**Task instructions:**
From first line to last, copy the material below exactly.

**Available data:**
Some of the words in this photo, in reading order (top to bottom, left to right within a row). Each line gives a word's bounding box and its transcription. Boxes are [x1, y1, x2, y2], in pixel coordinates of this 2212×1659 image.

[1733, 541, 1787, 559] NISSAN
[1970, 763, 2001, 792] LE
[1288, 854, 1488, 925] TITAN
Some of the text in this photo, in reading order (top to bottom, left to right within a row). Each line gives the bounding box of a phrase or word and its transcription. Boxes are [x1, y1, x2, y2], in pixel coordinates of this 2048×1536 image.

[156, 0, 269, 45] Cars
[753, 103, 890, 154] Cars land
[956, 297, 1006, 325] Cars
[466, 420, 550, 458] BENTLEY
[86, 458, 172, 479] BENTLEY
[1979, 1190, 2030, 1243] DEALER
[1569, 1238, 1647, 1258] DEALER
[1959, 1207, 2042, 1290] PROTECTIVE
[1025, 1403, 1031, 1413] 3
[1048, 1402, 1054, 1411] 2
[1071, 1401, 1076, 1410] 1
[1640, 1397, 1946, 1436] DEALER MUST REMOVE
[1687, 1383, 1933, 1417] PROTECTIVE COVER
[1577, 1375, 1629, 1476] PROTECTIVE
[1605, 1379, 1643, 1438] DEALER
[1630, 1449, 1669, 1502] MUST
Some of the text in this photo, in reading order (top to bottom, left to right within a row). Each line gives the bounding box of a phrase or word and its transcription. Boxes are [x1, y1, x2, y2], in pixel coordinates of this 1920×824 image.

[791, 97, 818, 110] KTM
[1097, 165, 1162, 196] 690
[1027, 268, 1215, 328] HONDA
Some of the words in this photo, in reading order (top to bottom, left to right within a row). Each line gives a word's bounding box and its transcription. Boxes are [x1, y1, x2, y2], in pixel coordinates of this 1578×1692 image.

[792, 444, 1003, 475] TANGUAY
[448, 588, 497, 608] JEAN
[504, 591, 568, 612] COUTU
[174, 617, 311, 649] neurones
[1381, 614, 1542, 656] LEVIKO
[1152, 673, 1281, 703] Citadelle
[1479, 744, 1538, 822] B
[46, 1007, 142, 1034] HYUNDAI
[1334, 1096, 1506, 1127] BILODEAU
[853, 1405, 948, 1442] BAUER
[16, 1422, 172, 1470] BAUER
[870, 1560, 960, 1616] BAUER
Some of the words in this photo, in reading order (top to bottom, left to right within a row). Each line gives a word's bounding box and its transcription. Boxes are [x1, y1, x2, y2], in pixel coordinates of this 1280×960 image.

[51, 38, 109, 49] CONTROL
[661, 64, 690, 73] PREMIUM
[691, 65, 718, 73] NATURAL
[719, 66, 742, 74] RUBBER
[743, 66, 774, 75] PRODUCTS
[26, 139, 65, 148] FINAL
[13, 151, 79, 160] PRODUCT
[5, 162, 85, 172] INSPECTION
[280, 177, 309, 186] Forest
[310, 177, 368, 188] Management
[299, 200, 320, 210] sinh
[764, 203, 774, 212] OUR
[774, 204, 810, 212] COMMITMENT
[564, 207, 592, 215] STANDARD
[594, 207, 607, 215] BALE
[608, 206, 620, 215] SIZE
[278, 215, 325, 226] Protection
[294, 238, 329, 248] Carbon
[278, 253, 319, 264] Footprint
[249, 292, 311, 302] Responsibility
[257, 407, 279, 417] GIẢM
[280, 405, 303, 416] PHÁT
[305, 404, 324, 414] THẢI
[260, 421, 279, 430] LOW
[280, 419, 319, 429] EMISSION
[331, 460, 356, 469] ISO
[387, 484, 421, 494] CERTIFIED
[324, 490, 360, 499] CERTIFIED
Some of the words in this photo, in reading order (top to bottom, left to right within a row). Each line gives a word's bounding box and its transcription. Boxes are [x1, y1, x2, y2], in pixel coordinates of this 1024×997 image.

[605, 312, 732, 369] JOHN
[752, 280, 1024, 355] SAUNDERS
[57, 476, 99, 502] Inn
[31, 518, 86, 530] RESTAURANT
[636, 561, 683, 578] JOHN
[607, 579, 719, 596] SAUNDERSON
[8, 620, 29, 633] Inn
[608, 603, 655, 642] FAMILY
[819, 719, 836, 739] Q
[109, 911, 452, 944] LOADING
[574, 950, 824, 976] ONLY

**Exercise response:**
Some of the words in this photo, in reading order (top to bottom, left to right within a row). Each line gives a word's bounding box and its transcription. Boxes are [x1, y1, x2, y2], in pixel coordinates of this 2212×1659 image.

[1733, 541, 1787, 559] NISSAN
[1970, 763, 2001, 792] LE
[1288, 854, 1488, 925] TITAN
Some of the text in this photo, in reading order (top to bottom, left to right within a row). Each line gives the bounding box of a phrase or word and its transcription. Boxes are [x1, y1, x2, y2], in pixel coordinates of this 2048×1536 image.

[156, 0, 269, 45] Cars
[753, 103, 890, 154] Cars land
[956, 297, 1006, 325] Cars
[466, 420, 550, 458] BENTLEY
[86, 458, 172, 479] BENTLEY
[1979, 1190, 2030, 1243] DEALER
[1569, 1238, 1647, 1258] DEALER
[1959, 1207, 2042, 1290] PROTECTIVE
[1025, 1403, 1031, 1413] 3
[1048, 1402, 1054, 1411] 2
[1071, 1401, 1076, 1410] 1
[1640, 1397, 1946, 1436] DEALER MUST REMOVE
[1687, 1383, 1933, 1417] PROTECTIVE COVER
[1577, 1375, 1629, 1476] PROTECTIVE
[1605, 1379, 1643, 1438] DEALER
[1630, 1449, 1669, 1502] MUST
Some of the text in this photo, in reading order (top to bottom, left to right within a row). Each line gives the bounding box of a phrase or word and its transcription. Boxes are [x1, y1, x2, y2], in pixel coordinates of this 1920×824 image.

[791, 97, 818, 110] KTM
[1097, 165, 1162, 196] 690
[1027, 268, 1215, 328] HONDA
Some of the words in this photo, in reading order (top to bottom, left to right within a row). Each line gives a word's bounding box and its transcription. Boxes are [x1, y1, x2, y2], in pixel coordinates of this 1578×1692 image.

[792, 444, 1003, 475] TANGUAY
[448, 588, 497, 608] JEAN
[504, 591, 568, 612] COUTU
[174, 617, 311, 649] neurones
[1381, 614, 1542, 656] LEVIKO
[1152, 673, 1281, 703] Citadelle
[1479, 744, 1538, 822] B
[46, 1007, 142, 1034] HYUNDAI
[1334, 1096, 1506, 1127] BILODEAU
[853, 1405, 948, 1442] BAUER
[16, 1422, 172, 1470] BAUER
[870, 1560, 960, 1616] BAUER
Some of the words in this photo, in reading order (top to bottom, left to right within a row). Each line gives a word's bounding box and its transcription. Boxes are [x1, y1, x2, y2], in pixel coordinates of this 1280×960 image.

[51, 38, 109, 49] CONTROL
[661, 64, 690, 73] PREMIUM
[691, 65, 718, 73] NATURAL
[719, 66, 742, 74] RUBBER
[743, 66, 774, 75] PRODUCTS
[26, 139, 65, 148] FINAL
[13, 151, 79, 160] PRODUCT
[5, 162, 85, 172] INSPECTION
[280, 177, 309, 186] Forest
[310, 177, 368, 188] Management
[299, 200, 320, 210] sinh
[764, 203, 774, 212] OUR
[774, 204, 810, 212] COMMITMENT
[564, 207, 592, 215] STANDARD
[594, 207, 607, 215] BALE
[608, 206, 620, 215] SIZE
[278, 215, 325, 226] Protection
[294, 238, 329, 248] Carbon
[278, 253, 319, 264] Footprint
[249, 292, 311, 302] Responsibility
[257, 407, 279, 417] GIẢM
[280, 405, 303, 416] PHÁT
[305, 404, 324, 414] THẢI
[260, 421, 279, 430] LOW
[280, 419, 319, 429] EMISSION
[331, 460, 356, 469] ISO
[387, 484, 421, 494] CERTIFIED
[324, 490, 360, 499] CERTIFIED
Some of the words in this photo, in reading order (top to bottom, left to right within a row). Each line gives a word's bounding box and its transcription. Boxes are [x1, y1, x2, y2], in pixel coordinates of this 1024×997 image.

[605, 312, 732, 369] JOHN
[752, 280, 1024, 355] SAUNDERS
[57, 476, 99, 502] Inn
[31, 518, 86, 530] RESTAURANT
[636, 561, 683, 578] JOHN
[607, 579, 719, 596] SAUNDERSON
[8, 620, 29, 633] Inn
[608, 603, 655, 642] FAMILY
[819, 719, 836, 739] Q
[109, 911, 452, 944] LOADING
[574, 950, 824, 976] ONLY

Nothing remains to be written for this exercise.